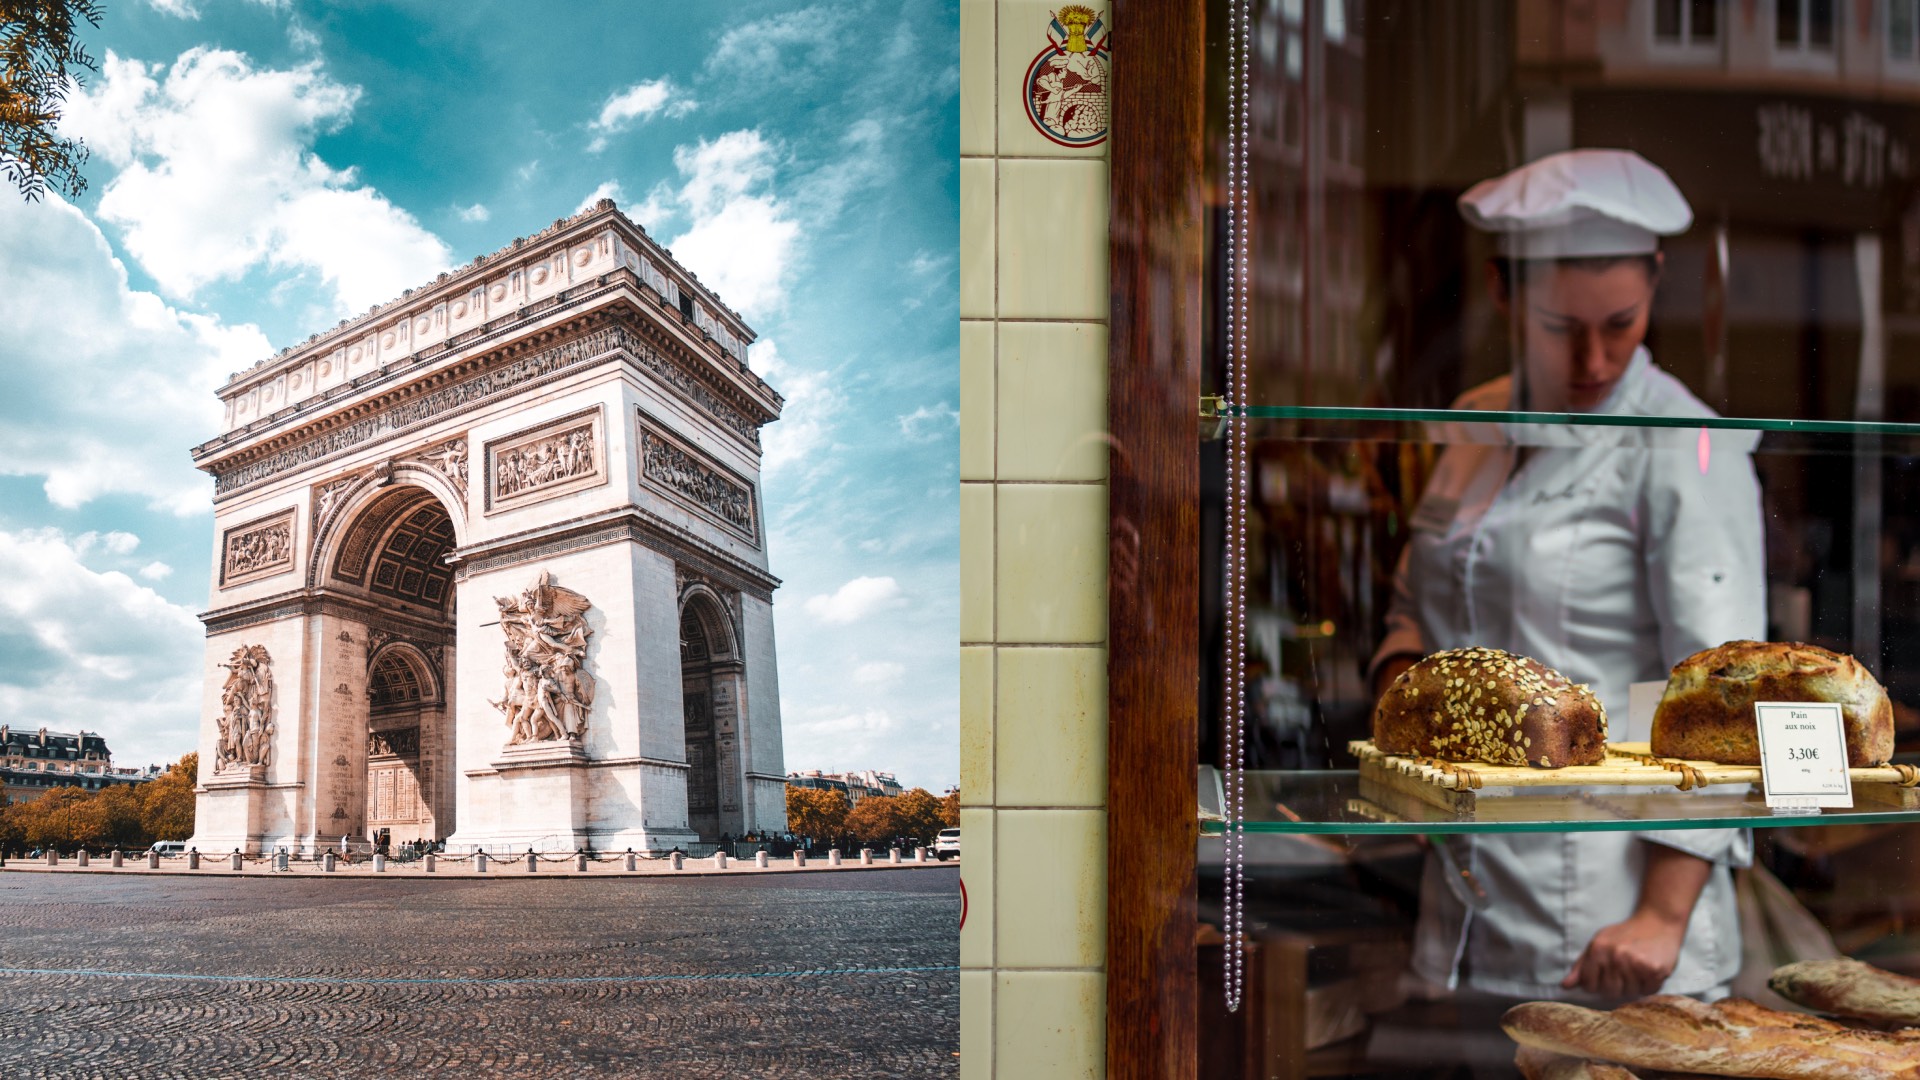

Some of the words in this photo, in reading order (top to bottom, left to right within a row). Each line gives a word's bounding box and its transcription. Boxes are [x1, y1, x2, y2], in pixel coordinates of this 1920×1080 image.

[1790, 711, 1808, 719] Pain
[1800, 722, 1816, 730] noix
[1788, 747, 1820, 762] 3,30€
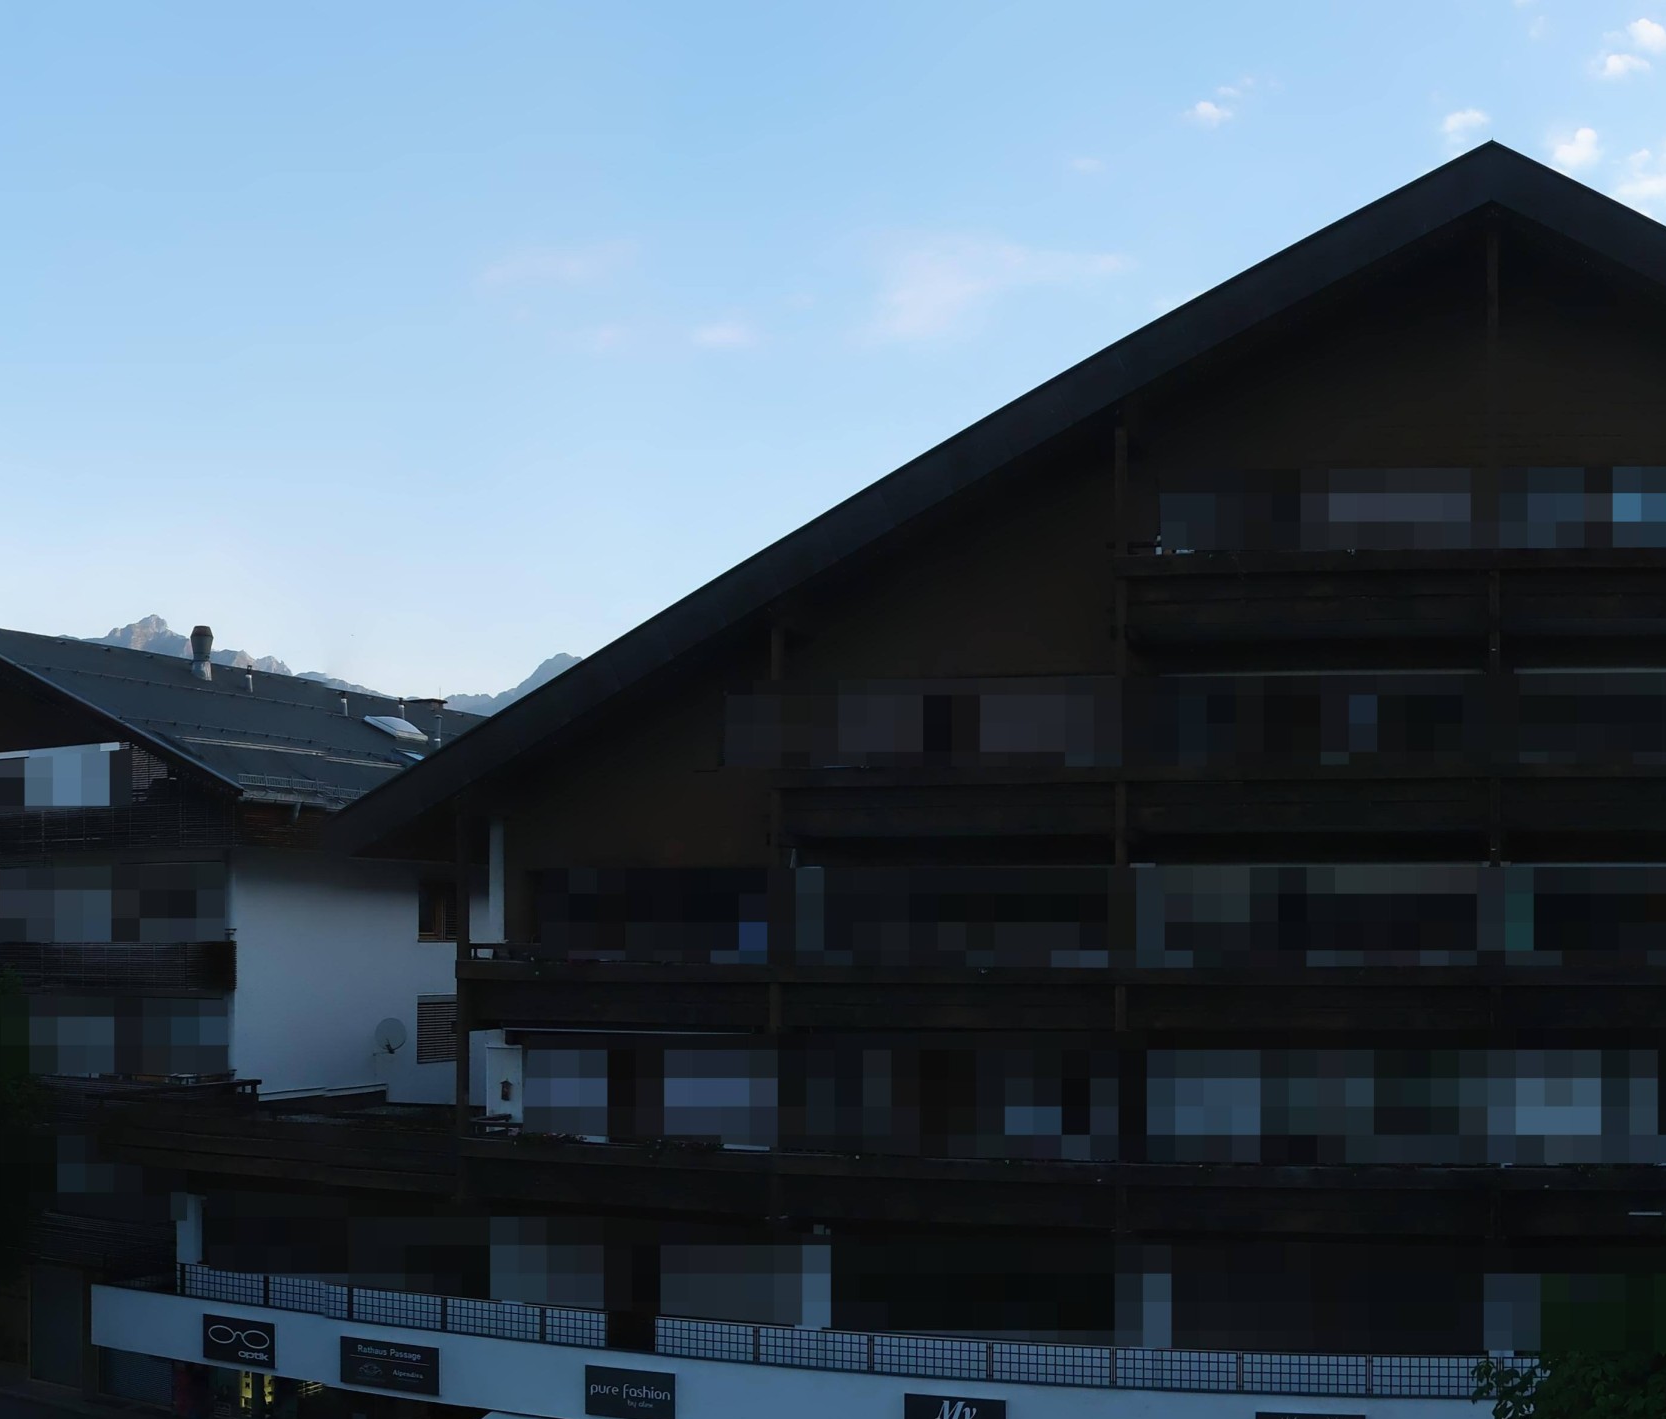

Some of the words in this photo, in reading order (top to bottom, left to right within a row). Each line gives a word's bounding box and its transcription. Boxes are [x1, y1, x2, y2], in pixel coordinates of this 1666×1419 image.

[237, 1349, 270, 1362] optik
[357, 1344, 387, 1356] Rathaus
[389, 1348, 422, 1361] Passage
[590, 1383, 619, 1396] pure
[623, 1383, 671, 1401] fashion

[Task to carry out]: The records above are to be transcribed exactly, with every picture left out.

[Result of this task]:
Some of the words in this photo, in reading order (top to bottom, left to right within a row). Each line gives a word's bounding box and its transcription. Boxes are [x1, y1, x2, y2], in pixel coordinates of this 1920×1080 image.

[1790, 711, 1808, 719] Pain
[1800, 722, 1816, 730] noix
[1788, 747, 1820, 762] 3,30€

Some of the words in this photo, in reading order (top to bottom, left to right within a row). Each line gives a word's bounding box and its transcription. Boxes are [x1, y1, x2, y2], in pixel coordinates of this 1666×1419 image.

[237, 1349, 270, 1362] optik
[357, 1344, 387, 1356] Rathaus
[389, 1348, 422, 1361] Passage
[590, 1383, 619, 1396] pure
[623, 1383, 671, 1401] fashion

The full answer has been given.